SPEAKER_02:Well, it's a good gateway drug to the podcast, and and then honestly, good good gateway to like you know, Gene and Ben do other stuff too. We're not we're not just guys that sit and talk about guns and politics. Although we do spend a lot of time doing that.
SPEAKER_01:I mean, you're not, I pretty much am. I work and I do this, so but regardless, I play video games as well, yes. Yeah, yeah. Put it out there, hit people in the mouth, like say, hey, Sir Gene and Sir Gene put this together, you should check out their podcast, do things like that. But the point is, musically, dude. Uh I think you hit the you know between a 4.4, 4.5 out of five musically on the AI. And I I was I was I was shocked. Like I was shocked at the verbato use, I was shocked uh at the tonal use.

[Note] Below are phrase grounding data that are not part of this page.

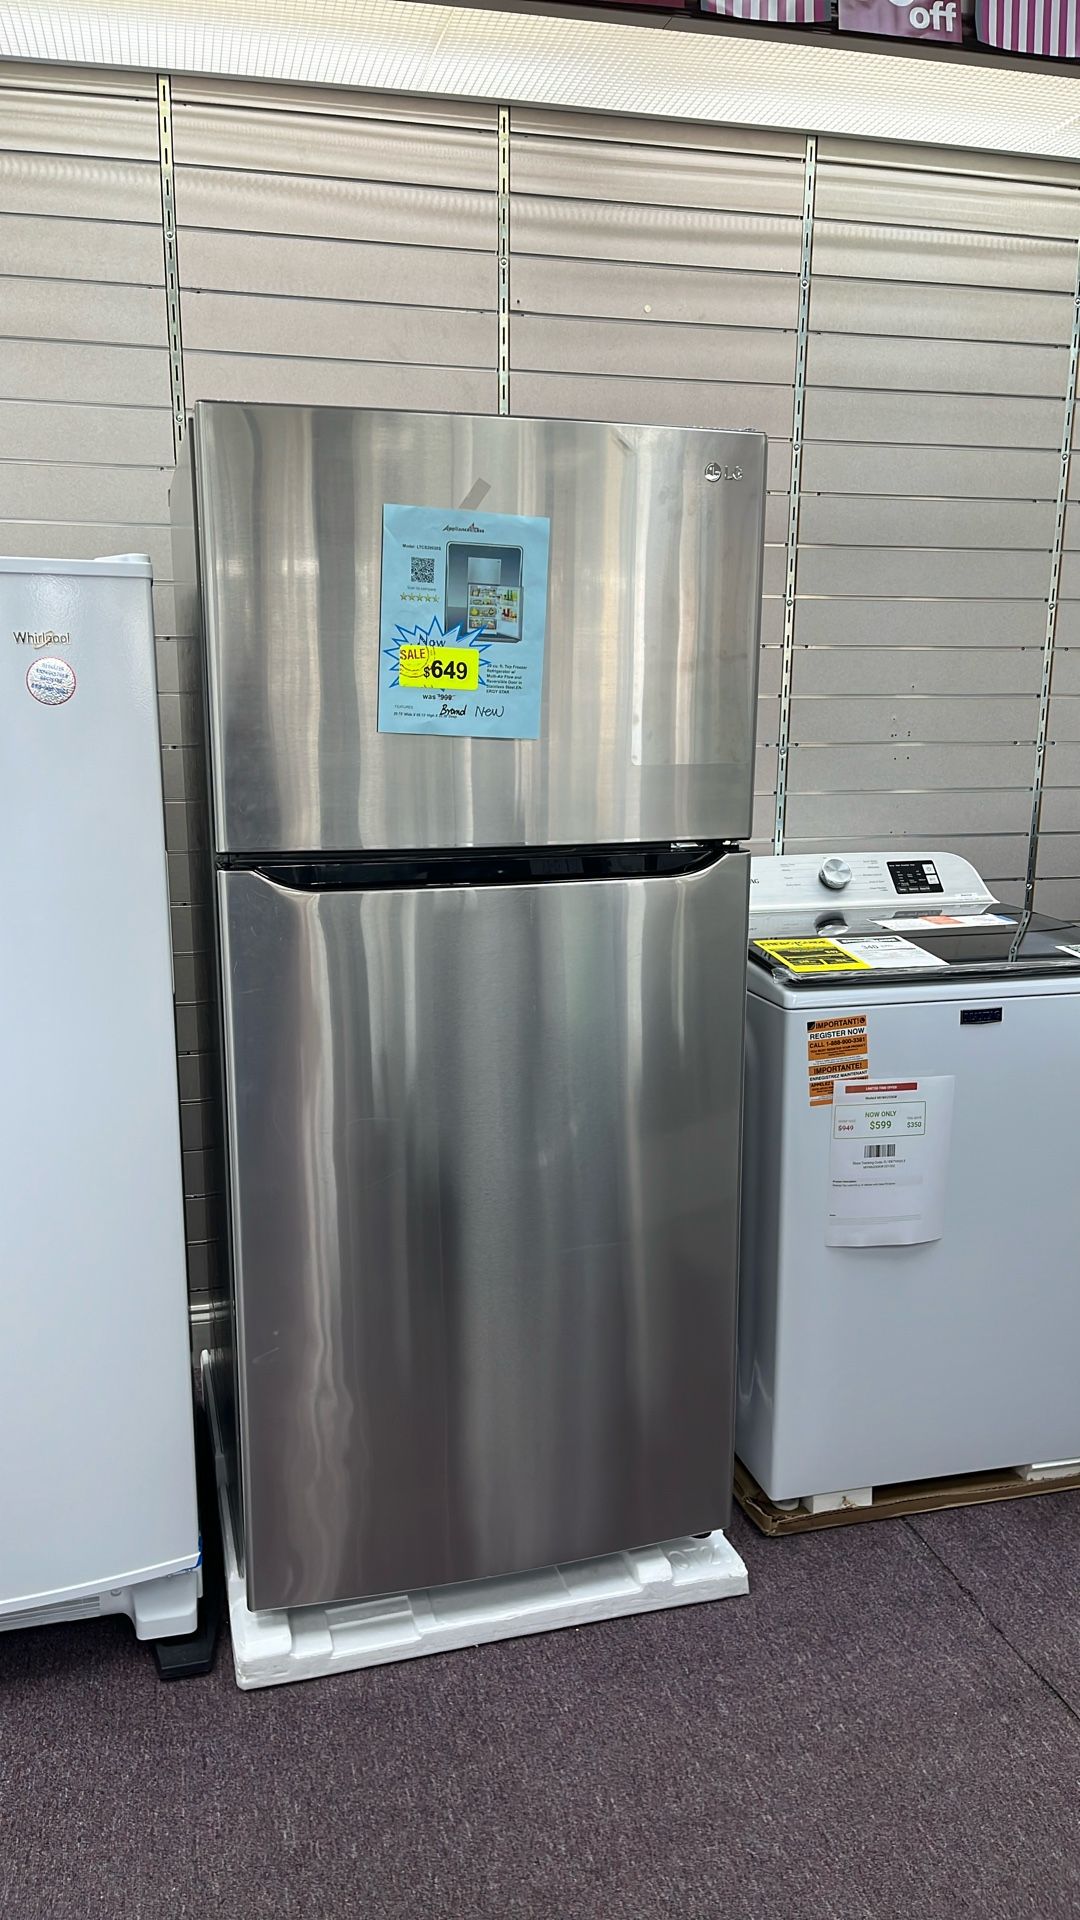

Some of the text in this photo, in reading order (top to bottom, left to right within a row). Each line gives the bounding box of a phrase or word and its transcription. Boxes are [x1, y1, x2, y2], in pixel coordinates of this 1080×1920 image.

[909, 1, 957, 32] off
[13, 631, 70, 646] Whirlpool
[417, 633, 446, 647] Now
[400, 648, 426, 660] SALE
[423, 660, 468, 680] $649
[440, 703, 505, 718] Brand New
[815, 1017, 860, 1030] IMPORTANT!
[809, 1027, 865, 1040] REGISTER NOW
[809, 1040, 825, 1049] CALL
[869, 1120, 892, 1131] $599
[907, 1121, 922, 1129] $350

SPEAKER_02:It it I've got much finer levels of control now, and I I mentioned this to my other co-host, Darren, that I kind of accidentally clicked on the buy button that I didn't really mean to. I was just trying to check out a product, and and it instantly billed me 300 bucks, and now I'm like, Well, shit, I better use it. I paid for it.

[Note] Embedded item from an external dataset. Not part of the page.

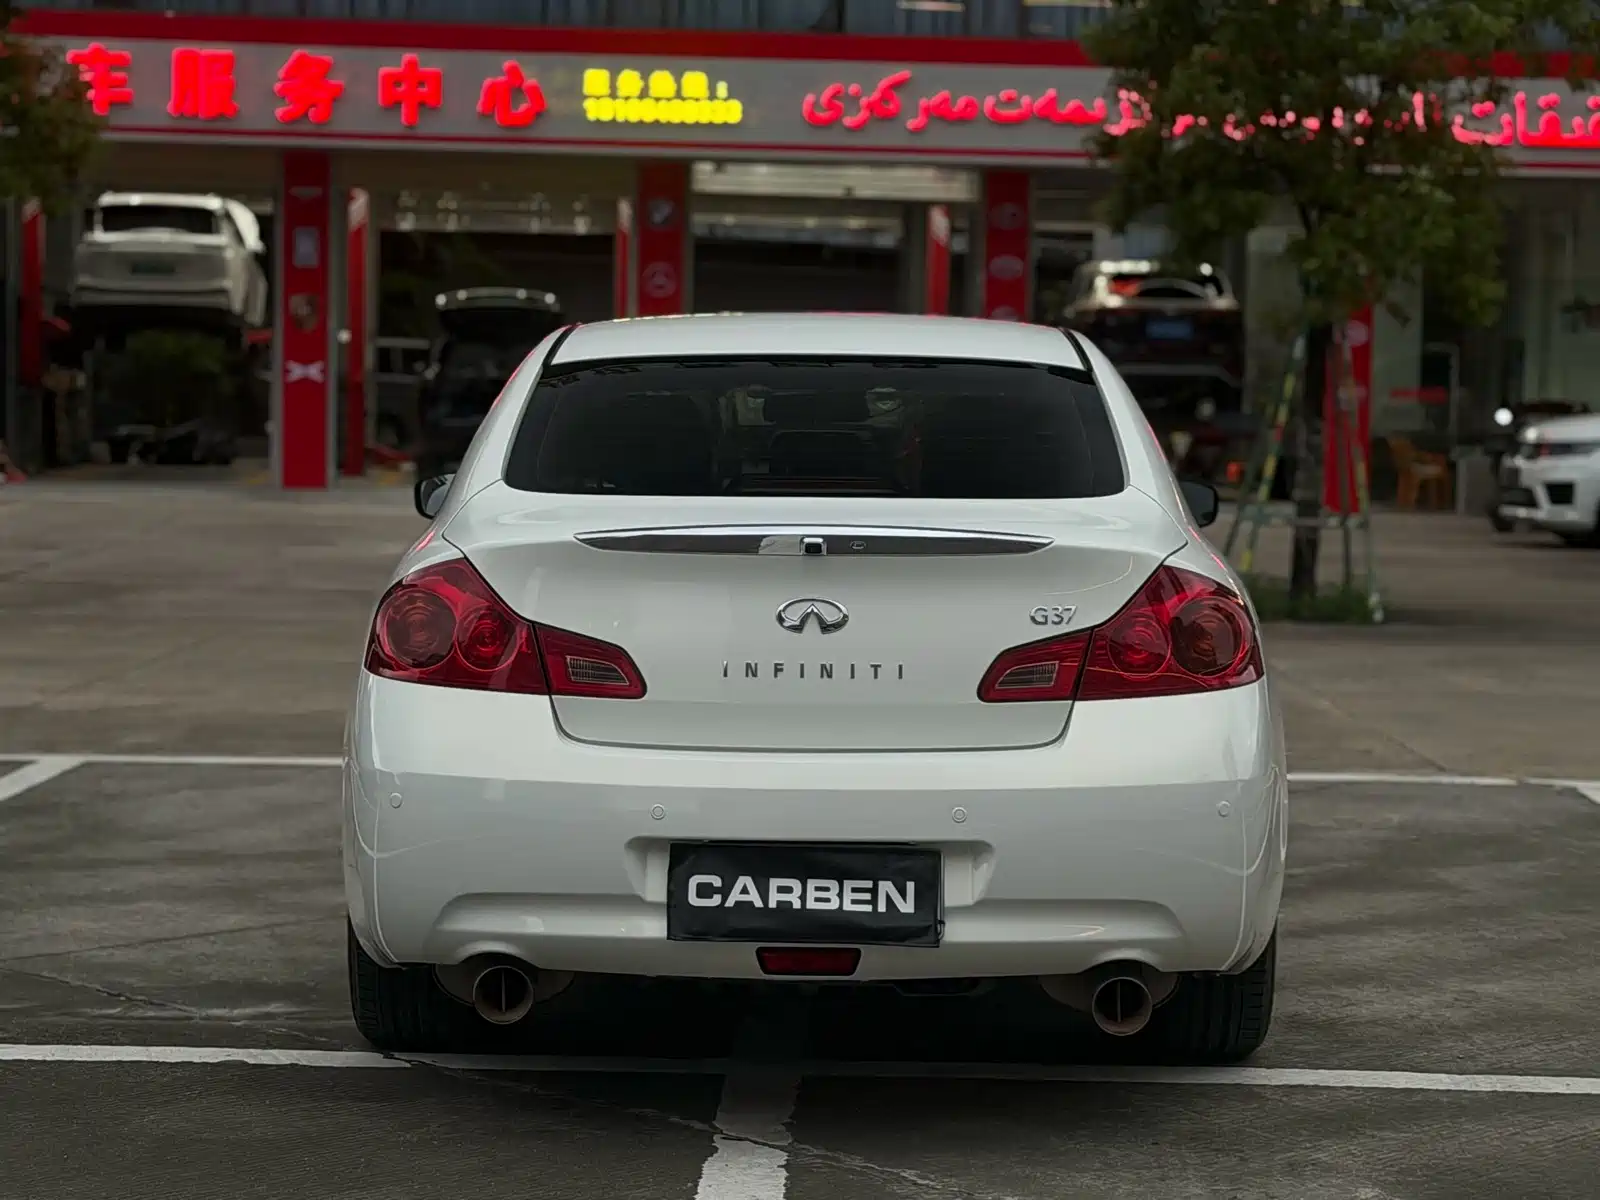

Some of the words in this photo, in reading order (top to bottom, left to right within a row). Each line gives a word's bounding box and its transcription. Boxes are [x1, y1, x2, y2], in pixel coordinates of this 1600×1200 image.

[1029, 605, 1077, 625] G37
[722, 661, 904, 680] INFINITI
[687, 874, 915, 914] CARBEN

SPEAKER_01:And dude, you're looking at Mozart level perfection on tonal use. Yeah, I was great. Yeah, I would challenge any musician to tell me otherwise.
SPEAKER_02:Yeah, well, there and there's been a few, and I've also gotten a number of people, Adam Curry included, that have now requested that I start making some. End of show mixes as well, which you know. I mean, it's kind of cool when people actually want to hear stuff that I do. You're it's mostly been you and your mom that I've been making stuff for.
SPEAKER_01:No shit, dude. But the the vocabulary use, the the tone use, like musically, rhyming scheme-wise, it is it is shocking to me. Yeah, AI can produce that.
SPEAKER_02:Well, and again, you know, the the lyrics for all this stuff. I certainly used AI to help me do shit really fast, like rhyming things and whatnot. But the lyrics are basically just mine based on the Bible.
SPEAKER_01:Well, I think you've hit on a winning structure and you should pursue it.
SPEAKER_02:Yeah, and it's it's really in a uh a poetic structure that I don't I don't think is very popular. I'm not gonna say nobody uses, I think people do use it, but it's not a popular one, and that it's very Shakespearean in the majority of the you will you will feel something just feels a little it it doesn't sound like top 40, it doesn't sound like comedy. There's something a little off on the patterns and it's damn near ambic phameter, dude. But it's not.
SPEAKER_01:It it's not it's not, it's slightly off. Yeah, you're right, but but it's da da da da da da da da da. I it it it's very methodical in that way.
SPEAKER_02:I'll convert more Christians to Christianity. You just watch.
SPEAKER_01:From your mouth to God's ears, dude. Do it.
SPEAKER_02:Yeah, it takes a Jew to do that, you know.
SPEAKER_01:What was that you broke up?
SPEAKER_02:I said it takes a Jew to convert more Christians.
SPEAKER_01:Well, you know, there there is an irony and a uh a full circle there that I think is good.
SPEAKER_02:Mm-hmm. Mm-hmm. All right, dude. Well, let's wrap it up because this is like said an out of spec or whatever episode. So we'll make it short, but it was something that we were talking you know, like passionately enough about that Ben said, yeah, let's record this. And I totally agreed. I think this is a fun thing to put out there, and uh hopefully you all enjoy it. And obviously, if you're listening all the way to the end here, you weren't one of the people that say I don't care about religion, I'm gonna skip this one.
SPEAKER_01:So well, and what I would also say is fucking Ireland, my Celtic people standing up, doing what they need to do.
SPEAKER_02:Very good. All right, we'll talk more about that that portion of stuff later. Yeah.